Escuché por primera vez el nombre de Gonzalo Celorio en boca del poeta Eduardo Casar. Ante el medio centenar de novicios estudiantes de Letras que abarrotábamos su clase de Teoría literaria —materia que imparte desde hace años en la Facultad de Filosofía y Letras de la UNAM—, Casar habló de su devoción por Julio Cortázar. Con su habitual carisma, confesó que esa admiración era un legado directo de Gonzalo Celorio, a quien jamás mencionaba sin anteponer —con reverencial cercanía—, el apelativo “mi maestro”.

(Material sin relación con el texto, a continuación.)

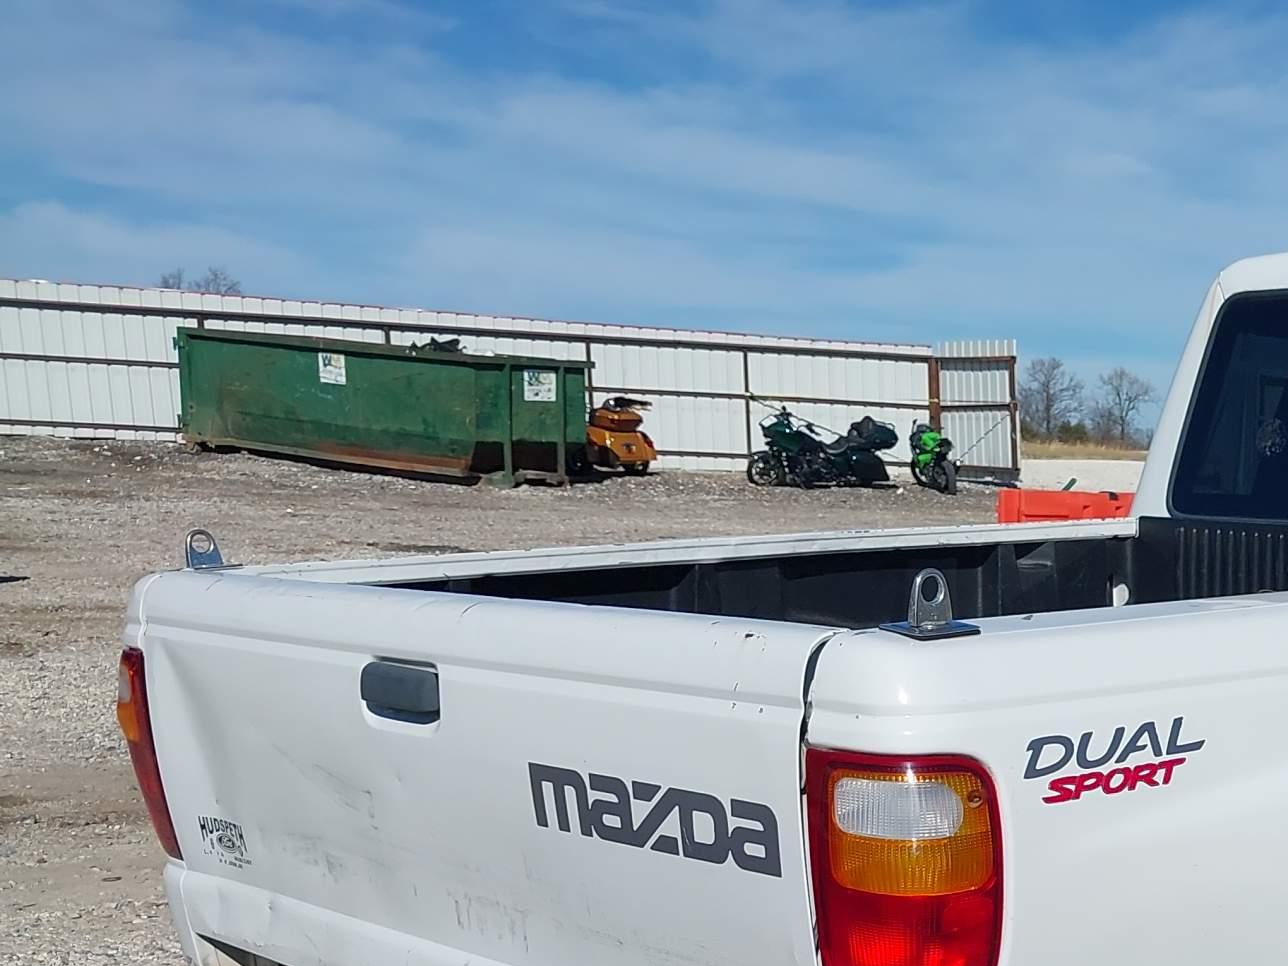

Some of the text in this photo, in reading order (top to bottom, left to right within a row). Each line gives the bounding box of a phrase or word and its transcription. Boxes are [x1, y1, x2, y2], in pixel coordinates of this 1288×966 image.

Años después, el propio Celorio escribiría sobre Casar con un afecto que desvela el reverso de esa relación. Lo llama “tahúr verbal, alcahuete de sustantivos y adjetivos, violador de palabras inocentes, torpedero de lugares comunes, desfacedor de frases hechas”. Ese retrato, más que la descripción de un amigo, se antoja un autorretrato. La mirada del maestro se multiplica en sus discípulos, como si cada uno prolongara su vocación en otro cuerpo. Ese montón de espejos rotos (Tusquets), el más reciente libro del Premio Cervantes 2025, se construye precisamente desde esa refracción. El yo que escribe se desdobla en los otros que ha sido y en los otros que lo han mirado.
Escritor prolífico y figura cardinal de la vida académica y cultural mexicana, Celorio entrega en este libro no un recuento biográfico, sino la cartografía de una existencia entregada a la vocación de la lengua y a la palabra. Es decir, una poética de la memoria. El epígrafe de Jorge Luis Borges funciona como su declaración de principios: “Somos nuestra memoria, somos ese quimérico museo de formas inconstantes, ese montón de espejos rotos”. Así, el autor asume que recordar es reconstruir lo que el tiempo ha dispersado. Un ejercicio simultáneo de recomposición y pérdida.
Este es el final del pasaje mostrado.